- **Problem statement**: Lines before the one containing "Some of the words" are left out; output the rest of the data exactly, through the final line.

(Stored items from a collection)
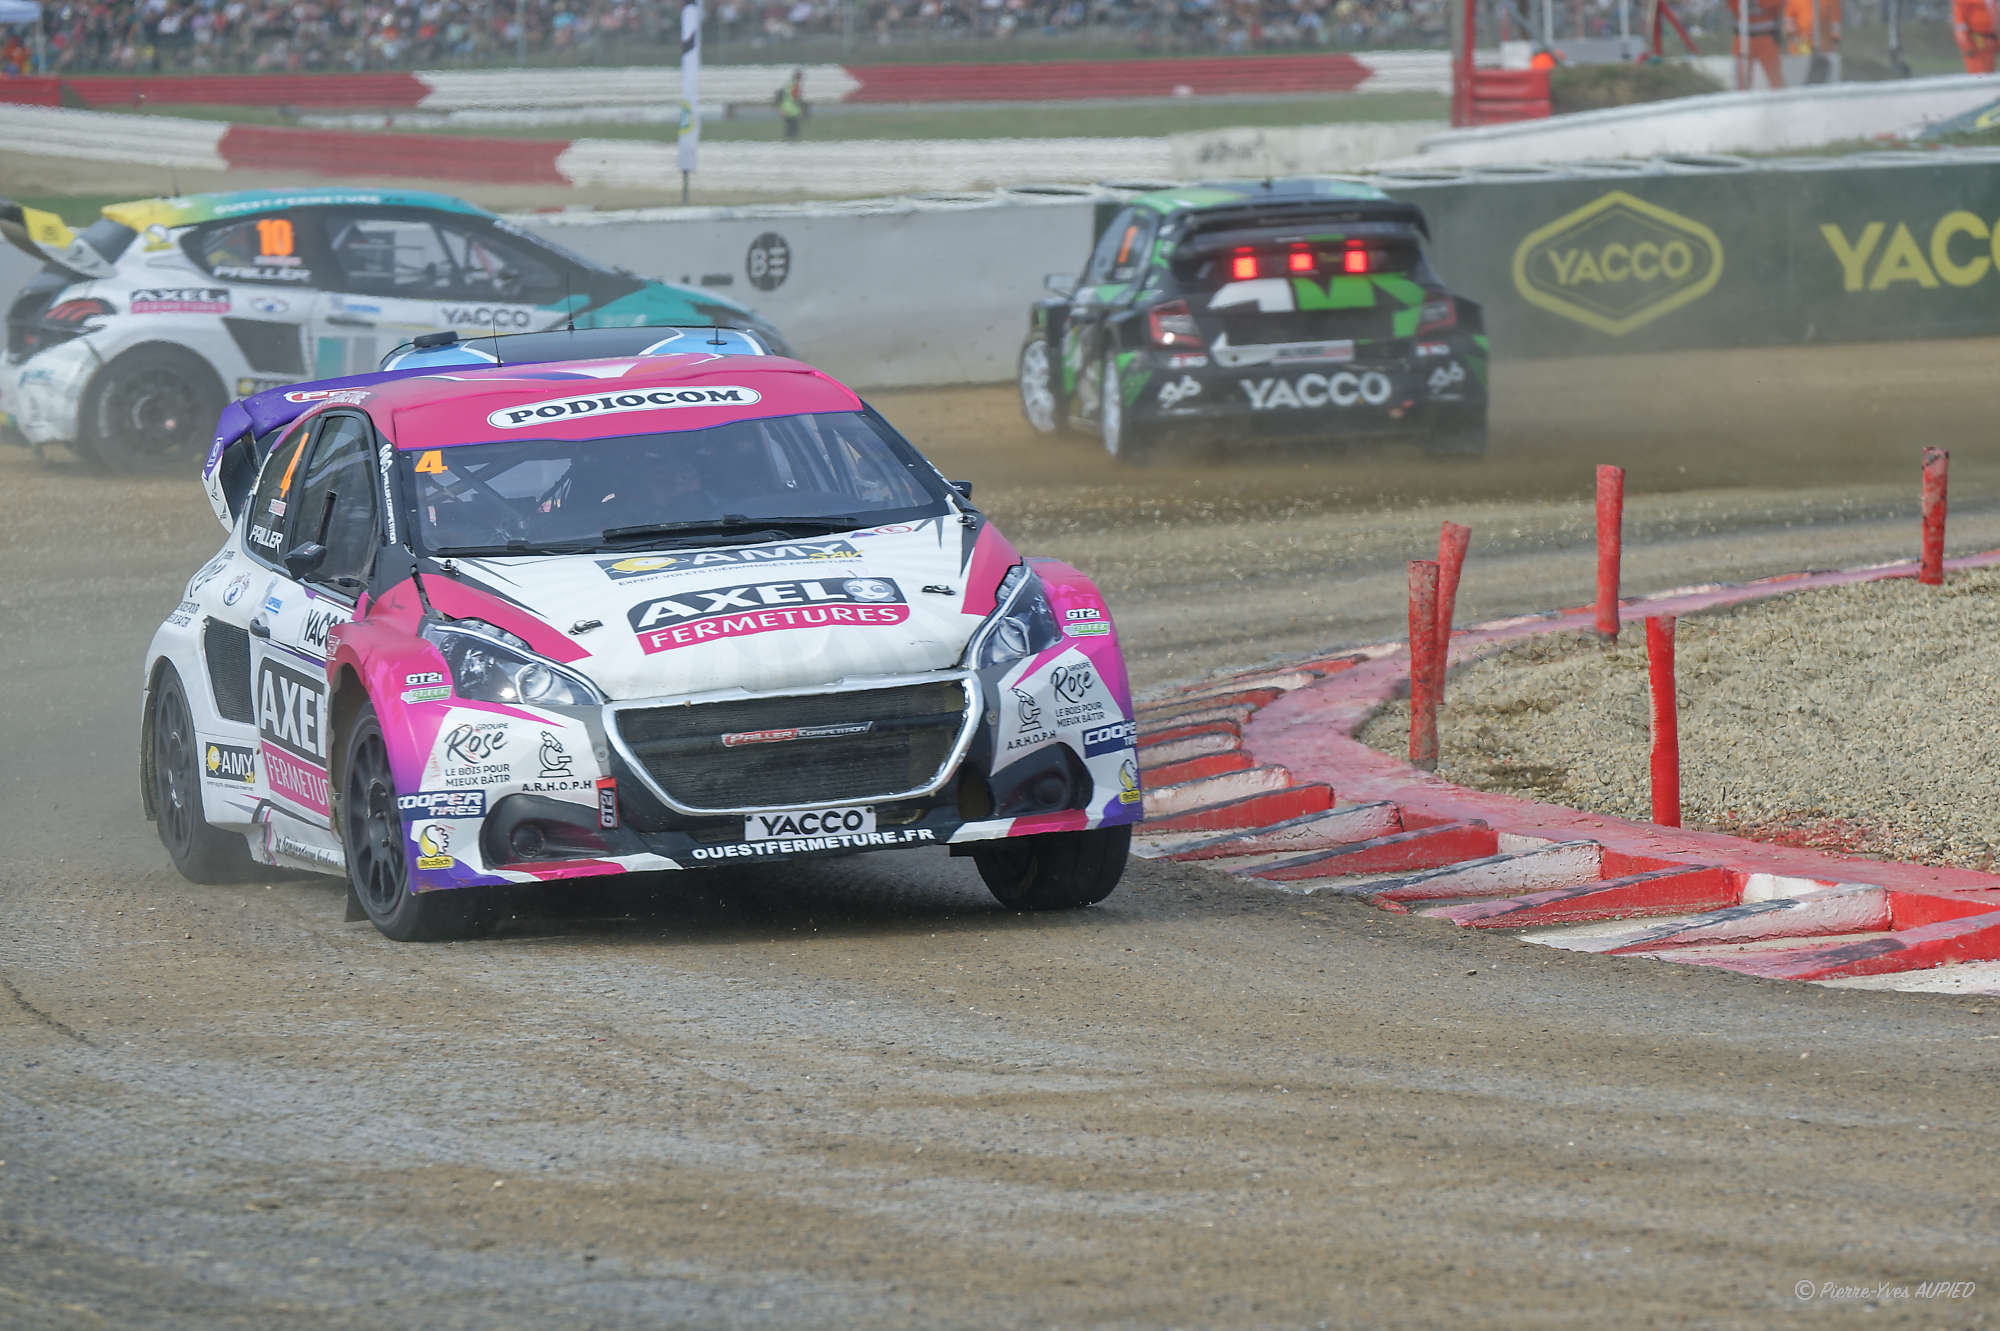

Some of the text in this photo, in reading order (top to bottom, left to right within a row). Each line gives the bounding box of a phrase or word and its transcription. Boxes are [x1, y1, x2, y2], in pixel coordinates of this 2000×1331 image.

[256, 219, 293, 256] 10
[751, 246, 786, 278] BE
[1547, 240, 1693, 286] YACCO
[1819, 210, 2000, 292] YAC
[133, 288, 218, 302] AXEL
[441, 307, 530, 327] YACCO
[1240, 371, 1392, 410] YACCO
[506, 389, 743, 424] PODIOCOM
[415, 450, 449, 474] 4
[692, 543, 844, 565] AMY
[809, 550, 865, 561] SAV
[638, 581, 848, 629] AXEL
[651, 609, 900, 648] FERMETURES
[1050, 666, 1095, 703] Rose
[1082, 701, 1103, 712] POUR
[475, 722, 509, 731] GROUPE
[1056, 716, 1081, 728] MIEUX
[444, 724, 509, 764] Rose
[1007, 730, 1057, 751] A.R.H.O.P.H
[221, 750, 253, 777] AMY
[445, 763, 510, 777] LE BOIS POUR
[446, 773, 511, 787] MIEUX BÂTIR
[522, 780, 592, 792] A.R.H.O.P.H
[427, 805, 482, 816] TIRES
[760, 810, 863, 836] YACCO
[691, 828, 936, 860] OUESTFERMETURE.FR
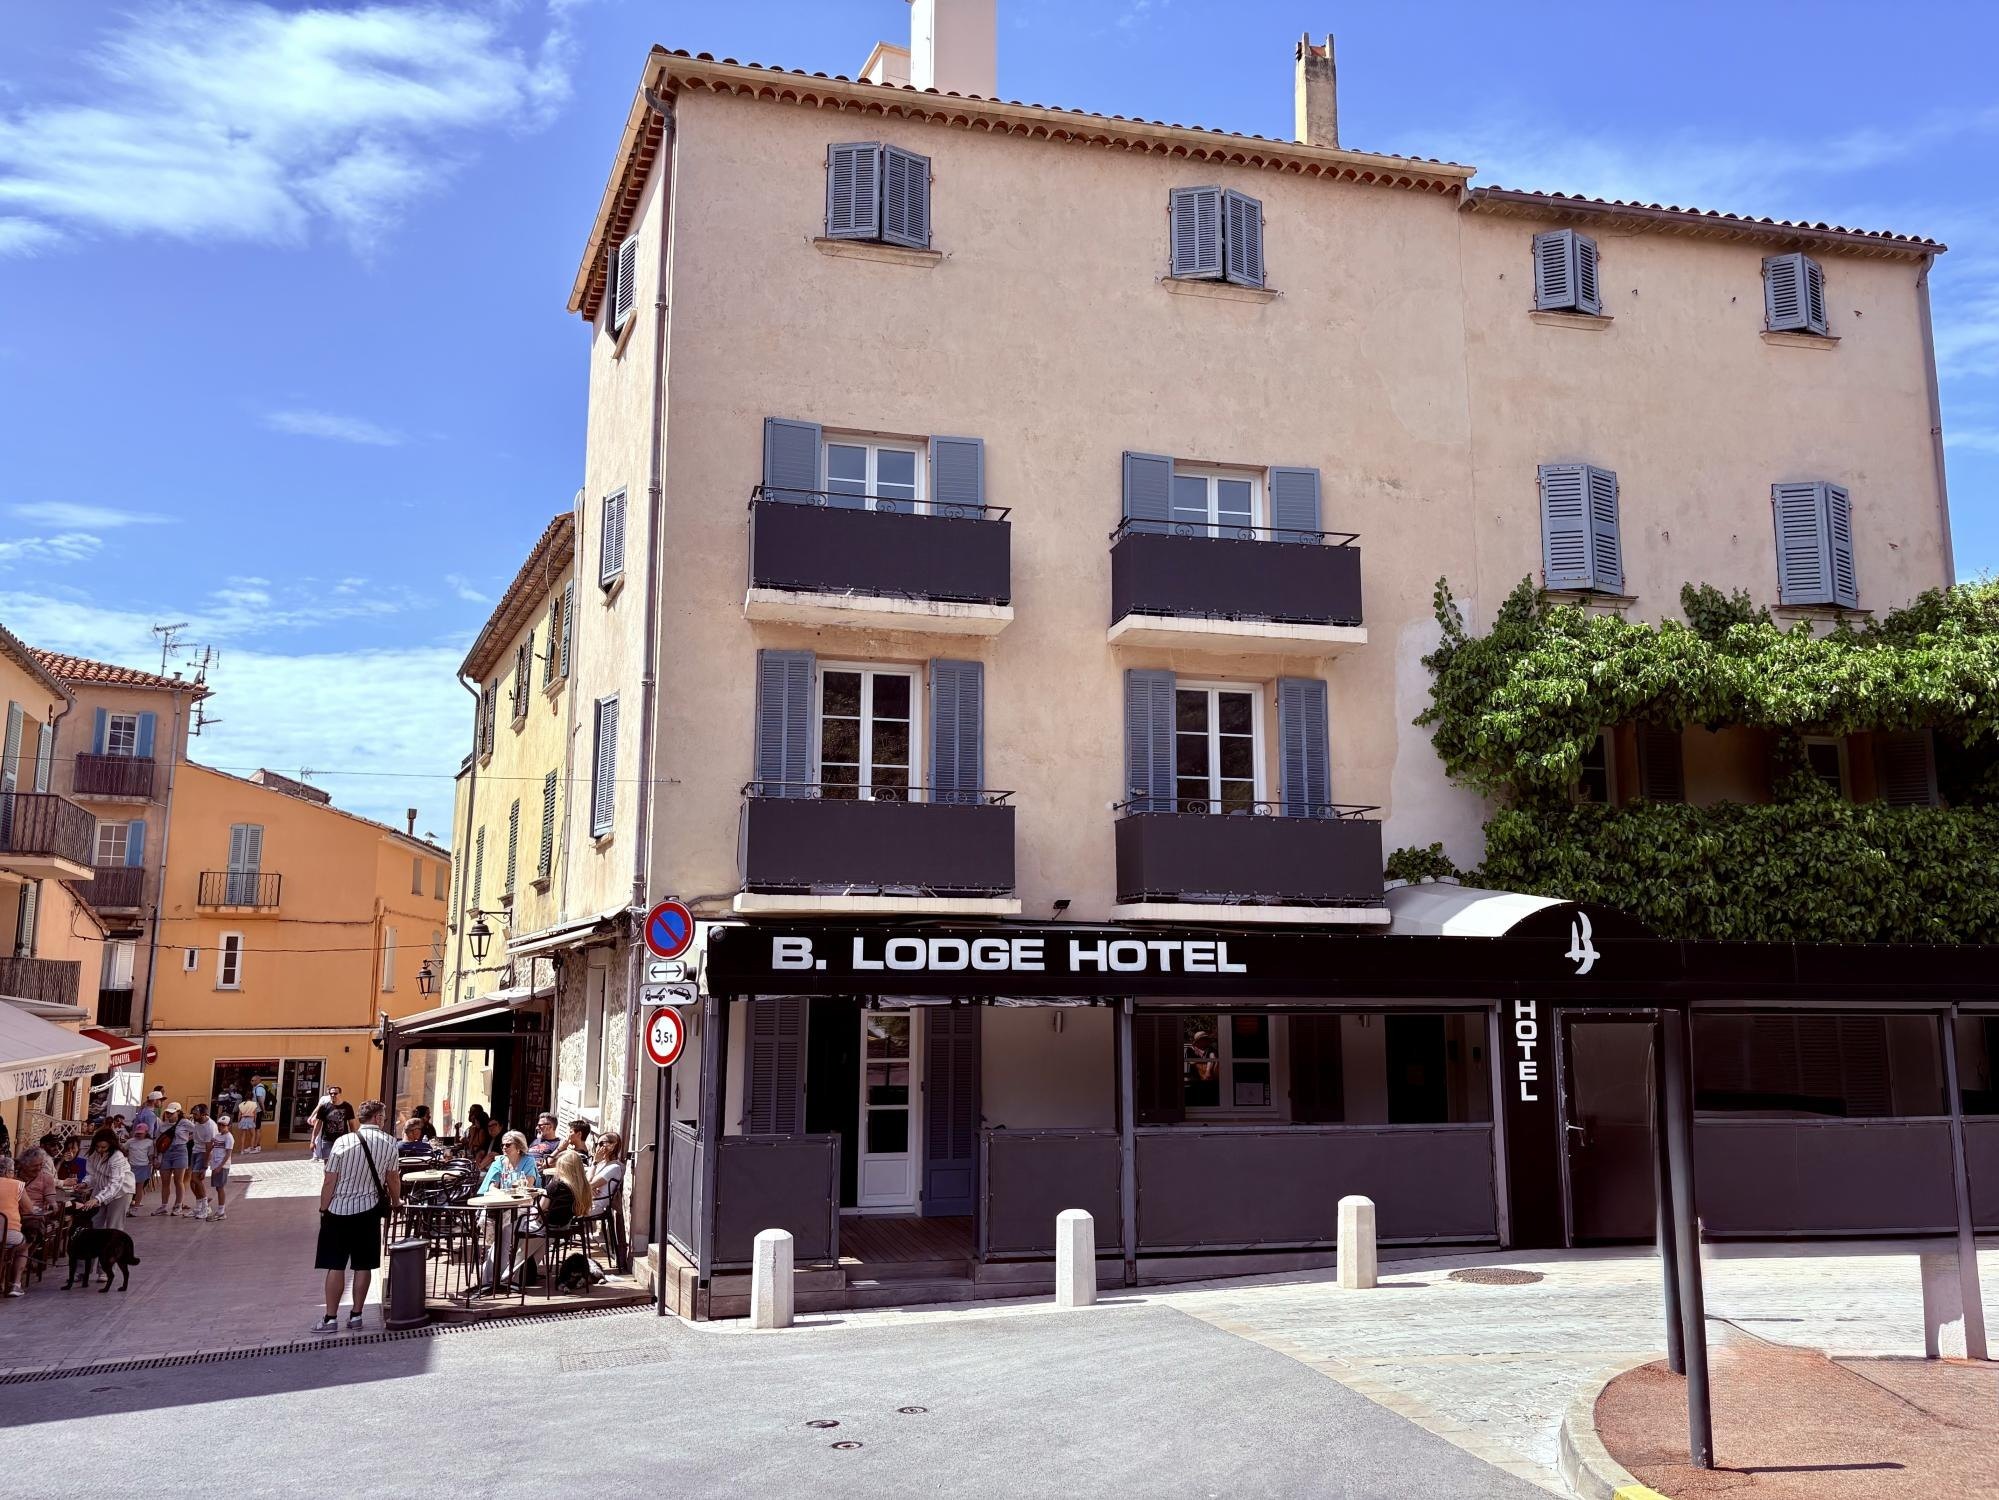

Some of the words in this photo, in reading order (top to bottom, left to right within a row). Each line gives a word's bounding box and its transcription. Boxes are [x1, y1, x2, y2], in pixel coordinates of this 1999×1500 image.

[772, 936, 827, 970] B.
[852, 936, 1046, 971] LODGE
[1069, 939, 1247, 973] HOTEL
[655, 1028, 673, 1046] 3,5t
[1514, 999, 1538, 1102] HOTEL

- **Reply to the exercise**:
Some of the words in this photo, in reading order (top to bottom, left to right within a row). Each line gives a word's bounding box and its transcription. Boxes are [x1, y1, x2, y2], in pixel coordinates of this 1999×1500 image.

[772, 936, 827, 970] B.
[852, 936, 1046, 971] LODGE
[1069, 939, 1247, 973] HOTEL
[655, 1028, 673, 1046] 3,5t
[1514, 999, 1538, 1102] HOTEL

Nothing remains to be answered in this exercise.